Life here is constantly in flux, driven by the twice daily ebb and flow of the tide, while the tides themselves vary in height and frequency. It is also an area driven by the seasons. Breeding birds like shelduck, snipe, lapwing, redshank are a constant feature of the spring and summer. While in the winter there are the spectacular flights of waders and wildfowl. The total population of the Svalbard breeding barnacle goose winter on the saltmarshes surrounding the estuary. Pink footed geese, whooper swans and various dabbling ducks such as pintail, wigeon, and shoveller are found throughout the inner estuary along with flocks of dunlin, oystercatcher, golden and grey plover, turnstone and curlew. Birds of prey are common and include peregrine, merlin, short eared owls and hen harriers which sweep the rough pasture and hedgerows at the margins of the marsh. The wide emptiness of land, sea and sky could not be more full of life.
The marshes, mud and sand flats at Burgh are amongst the most important saltmarsh systems in Britain, designated as a Site of Special Scientific Interest and Special Protection Area and part of the wider Solway Coast Area of Outstanding Natural Beauty. The Solway is recognised as one of the least-industrialised and most natural large estuaries in Europe and therefore of international importance for wildlife.
It is a curious fact that in the same year as Pennant’s visit to Burgh Marsh, Edward I's tomb was opened, by an inquisitive dean of Westminster in the presence of a select group of Fellows of the Society of Antiquaries. The body was found to be almost perfectly preserved, wrapped in a waxed linen cloth and wearing royal robes of red and gold with a crimson mantle. Measuring six foot two inches tall, the nickname ‘Longshanks’ had clearly been no exaggeration. A drawing of the contents of the tomb was made by an apprentice to the Society's engraver, a young man by the name of William Blake.
A handsbreadth from Scotland which had plagued him for so long, this monument commemorates the man who epitomised the ideal of mediaeval kingship; a towering European figure who in death cast a long shadow over his successors. Unintentionally also, it is a symbol of his doomed hopes.
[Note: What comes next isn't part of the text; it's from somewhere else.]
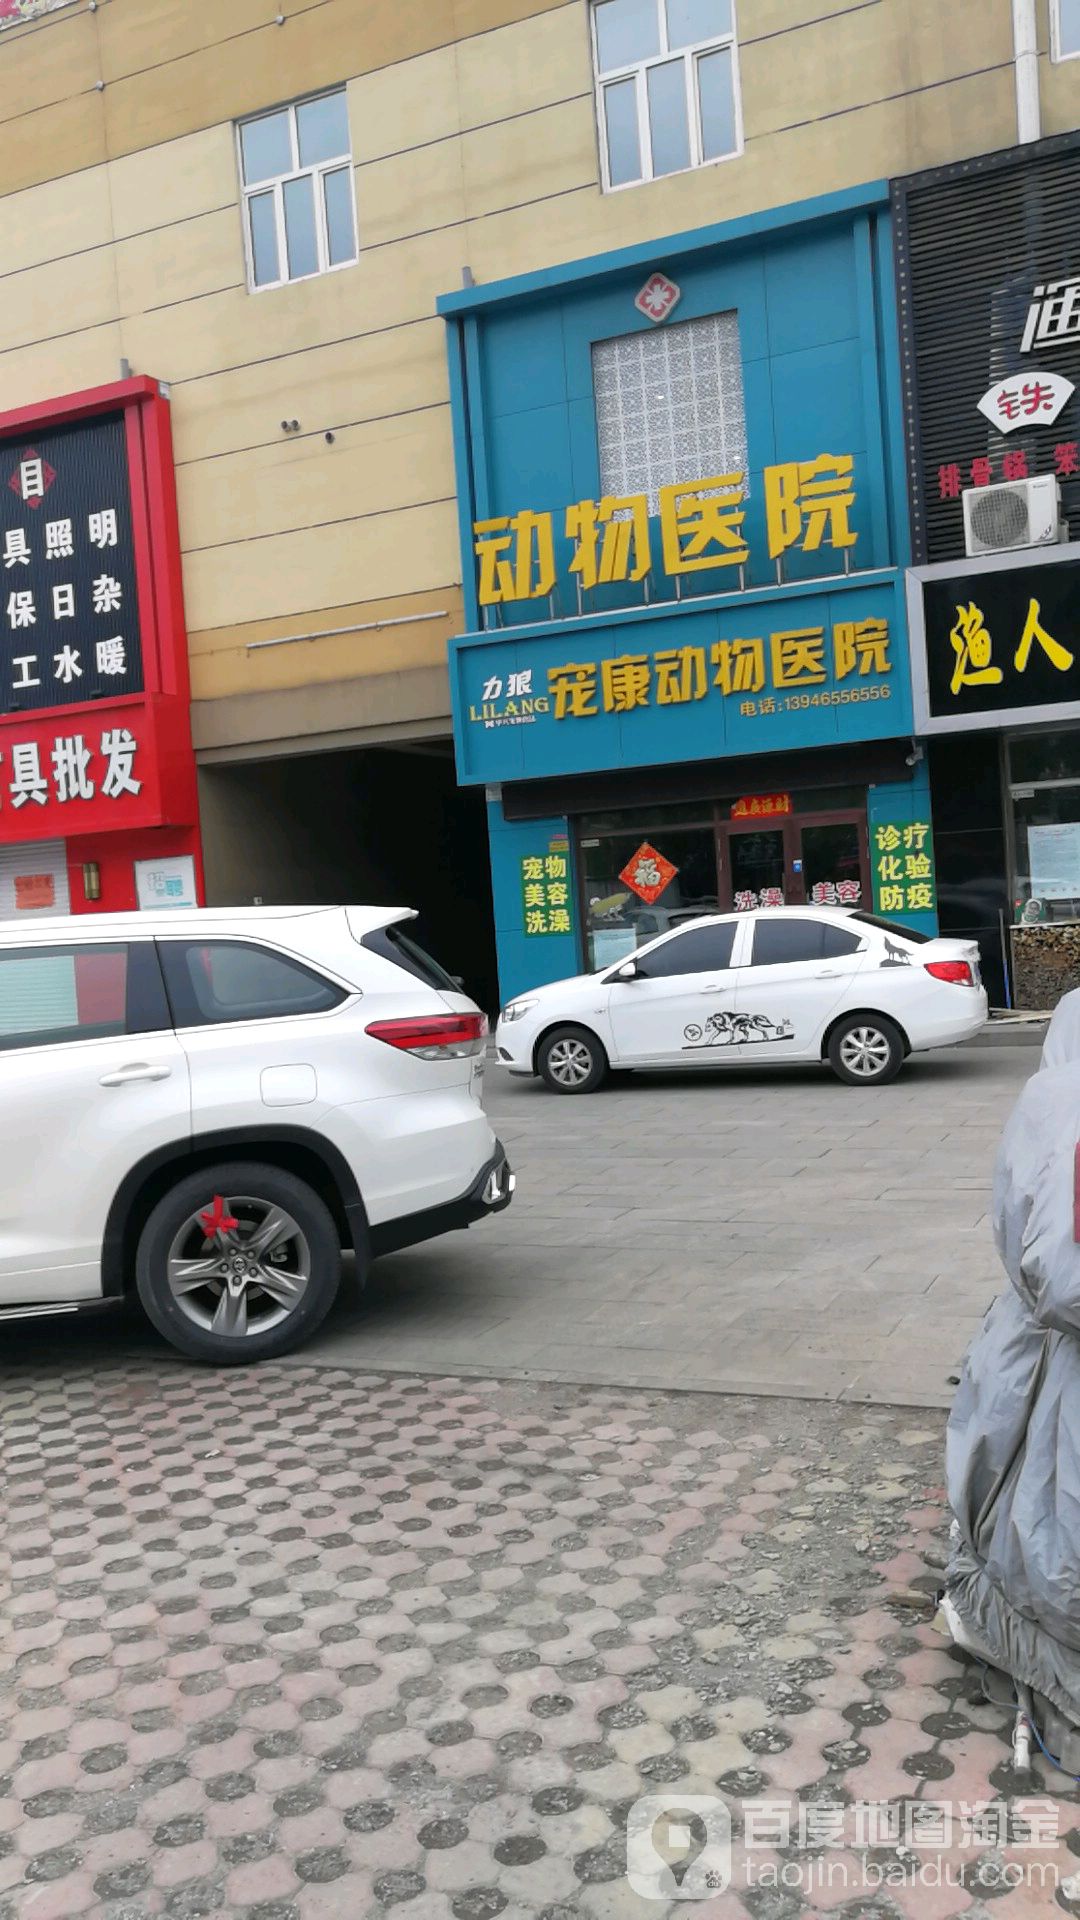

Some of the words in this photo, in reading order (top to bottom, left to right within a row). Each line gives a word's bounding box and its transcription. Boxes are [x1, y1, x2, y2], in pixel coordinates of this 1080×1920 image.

Walking back up the hill towards Burgh by Sands on a day of almost hypnotic calm, I wondered about this old man, his life ebbing away into those liminal margins. Perhaps the last sounds he heard were the waters filling the spaces between Sulwath and Stoneywath, the almost supernatural polyphony of breaking waves and the relentless rush of the incoming tide over the mudflats. Then as now the Solway, its borders as fluid as its history, continues to undermine our efforts and erode our memory.